DALVA RACONTE LEUR “RAIL”

David et Camille nous racontent, au travers de leurs multiples rencontres artistiques et humaines, le cheminement qui a donné vie à DALVA.
Les deux complices, à la ville comme à la scène, sillonnent le monde du BLUES en lettres capitales comme leur seul et unique étendard, dans cette passion qui les conduit du Mississippi au fleuve Sénégal, en passant par Bruxelles et les banlieues parisiennes, pour finalement atterrir en Bretagne.
DALVA, c’est le chant des libertés enchaînées en lien avec une musique qui vibre au cœur-même de nos racines.
Interview…

Comment décririez-vous l’univers musical DALVA ?

David
: Camille et moi nous sommes initialement rencontrés autour du blues. Mais d’autres choses qui font partie de ce qu’on est, comme la scène rock anglo-saxonne féminine, avec des artistes comme PJ Harvey. Je suis né dans un environnement très métissé à Bruxelles, avec des gens de la
communauté congolaise et marocaine, Donc j’ai toujours un intérêt pour la « black music », tant pour la soul que pour le blues et pour les musiques africaines. J’ai eu la chance notamment d’aller jouer au Burkina Fasso avec Victor Démé. Je me suis de plus en plus intéressé au blues touareg et
j’ai commencé à créoliser mon jeu. Avec Camille, on a voulu tisser un chemin musical qui est une tentative de blues contemporain, où on créolise avec ce premier album le blues racine avec le rock noise et la musique touareg et malienne. Pas sûr que le deuxième prenne cette direction-là. C’était un chapitre qu’on a voulu écrire…

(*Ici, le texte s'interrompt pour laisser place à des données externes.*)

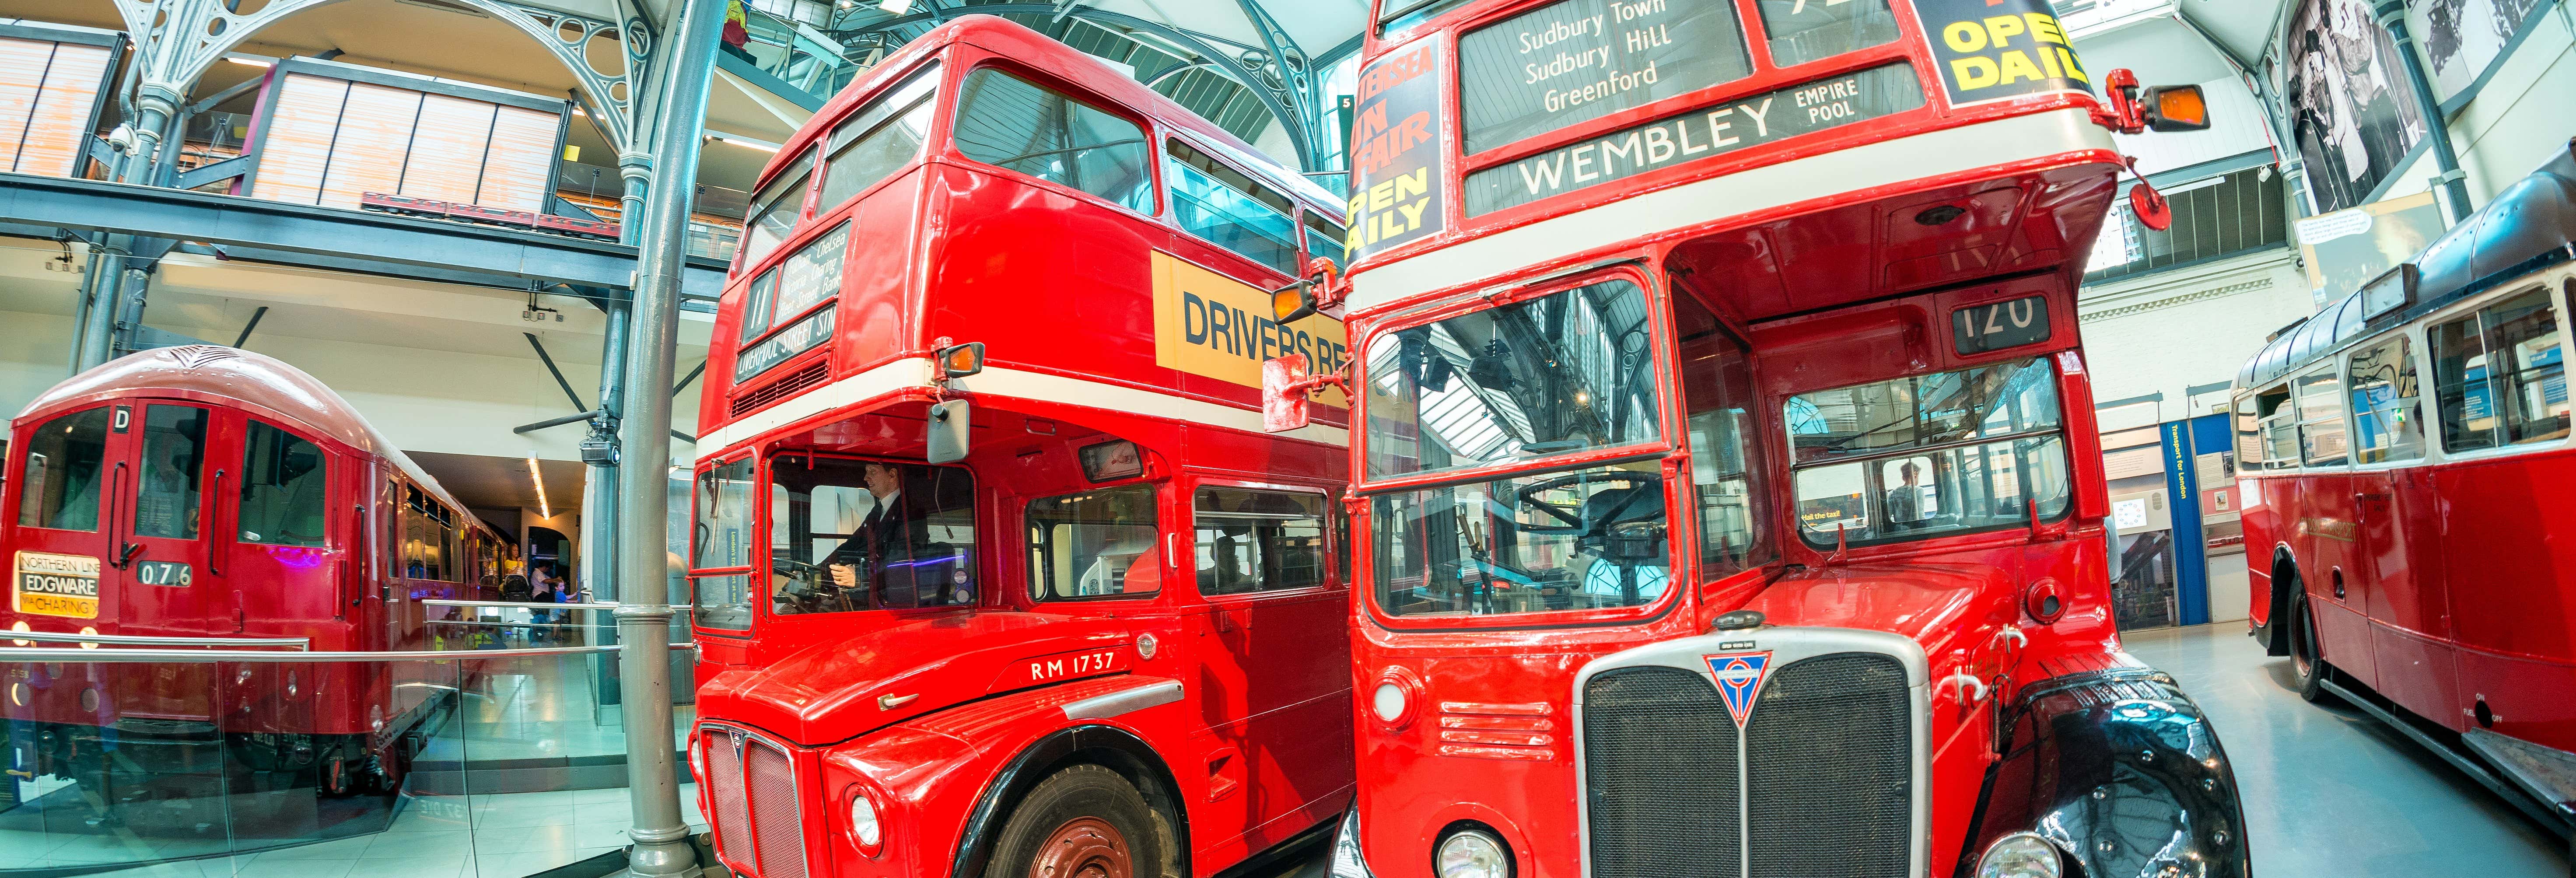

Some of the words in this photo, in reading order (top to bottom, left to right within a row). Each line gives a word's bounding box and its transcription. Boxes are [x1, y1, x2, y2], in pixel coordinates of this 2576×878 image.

C’est une première ouverture en tout cas !

David
: Exactement, c’est une première ouverture.

Camille : C’est un premier album qui pose la question de « Qu’est-ce que le blues aujourd’hui et comment il résonne pour nous ? ». C’est un premier album qui s’est autorisé à aller malaxer ce mot, chercher à droite à gauche jusqu’où on pouvait tirer. Il y a des morceaux qui vont être beaucoup plus modernes que d’autres, on passe dans des univers différents, avec un fil conducteur qui passe par la guitare de David et ma voix.

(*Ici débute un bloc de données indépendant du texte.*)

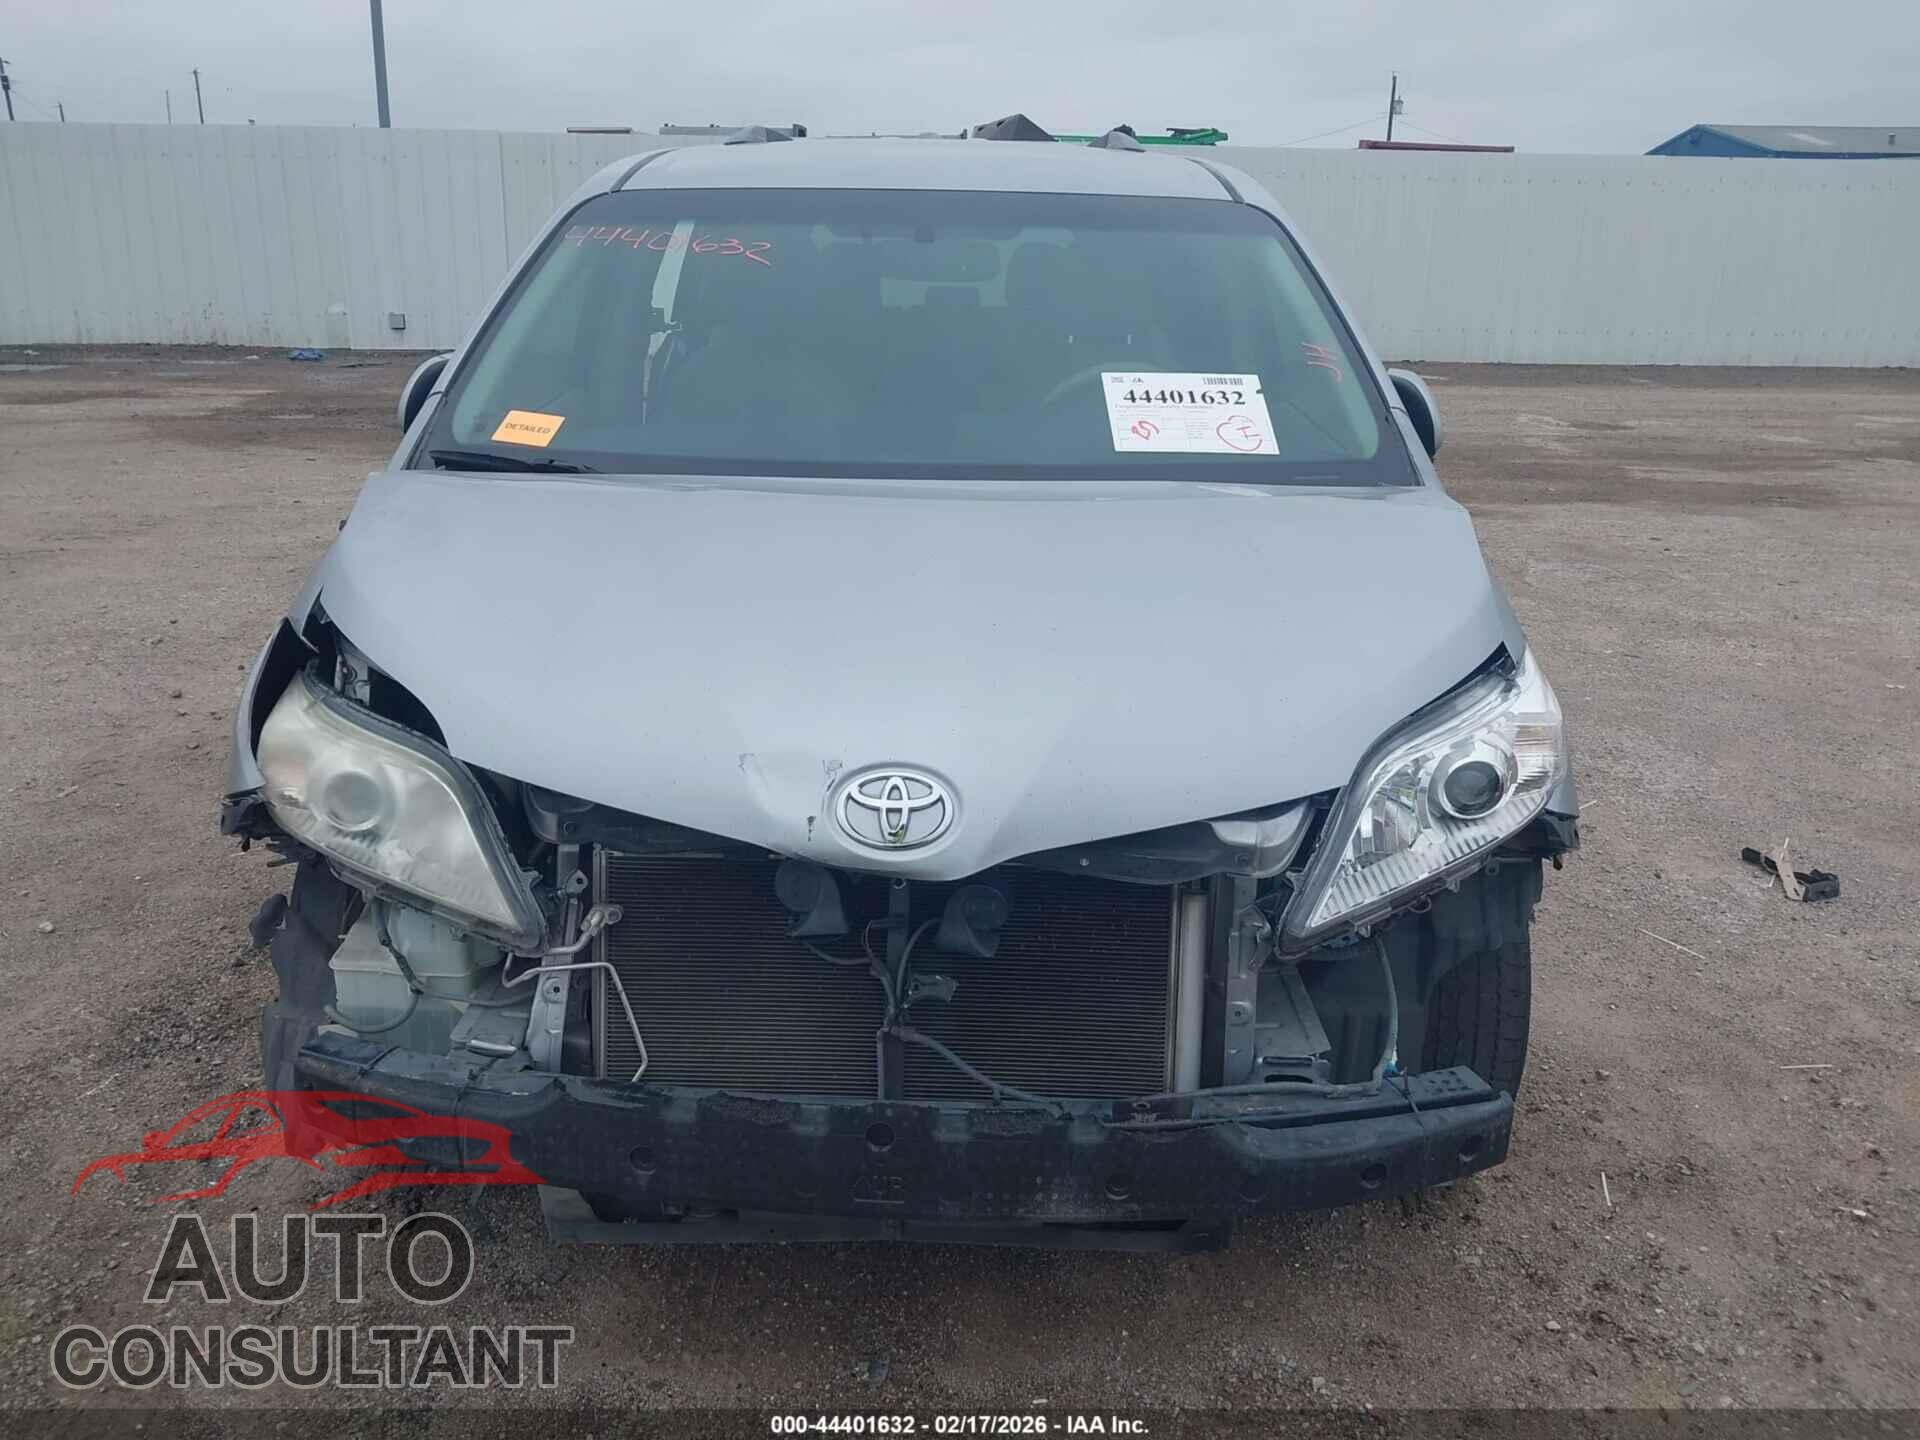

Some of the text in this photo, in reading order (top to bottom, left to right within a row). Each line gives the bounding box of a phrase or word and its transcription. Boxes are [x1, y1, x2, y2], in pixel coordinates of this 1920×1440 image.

[564, 225, 772, 266] 4440632
[1122, 388, 1247, 406] 44401632
[503, 421, 552, 435] DETAILED

David : Pour qualifier l’album, on a imaginé cette appellation un peu poétique : « blues des déserts
urbains ».

Camille DALVA – Crédit photo Claire Huteau

« Blues des déserts urbains » décrit parfaitement ce mélange, ce que vous en faites, quelque chose de concret avec un sens profond…

David : On aime parler de créolisation, une démarche où l’on tisse quelque chose entre la culture blanche et la culture noire. Ce n’est pas juste une question artistique, c’est une question politique aussi pour moi. Comment arrive-t-on à faire que ces mondes communiquent aujourd’hui, dans une
société de plus en plus repliée sur elle-même ? Comment est-ce que ça peut communiquer ensemble ? Une question que d’autres artistes se sont posés avant moi.

La notion de culture est intellectualisée et un peu « biaisée » par une vision souvent unique de nos sociétés. Mais c’est aussi une question qui est propre à la culture « en marge », qui vit là maintenant, dans la même temporalité. Cette culture qui vient de l’urbain pose vraiment la question des origines de tout. Pas uniquement sur l’identité, mais sur une appartenance, des origines et des déserts du futur…

Camille : Je le pense oui, parce qu’on est finalement tous déracinés, à des tas de niveaux. Et ce n’est pas qu’une question de race. Cette société nous coupe de nos racines, de nos cultures. C’est un questionnement qui recoupe plein de choses et qui est cruellement actuel.

J’ai relevé dans l’album quelques points précis : la notion de lien qui est assez forte dans vos textes et votre musique. Est-ce quelque chose de volontaire ou au contraire qui s’est tissée au cours de l’élaboration du projet ?

Camille : C’est malgré nous. Ce n’est pas un mot qui est beaucoup revenu en tant que tel dans nos discussions. Il fait partie des questionnements qu’on aborde et qui viennent en filigrane se glisser
dans les textes et la musique.

David : C’est vrai que sur la question du lien, de la communauté est importante pour nous : comment « refaire communauté » ? Parce qu’on vit dans un individualisme brutal aujourd’hui.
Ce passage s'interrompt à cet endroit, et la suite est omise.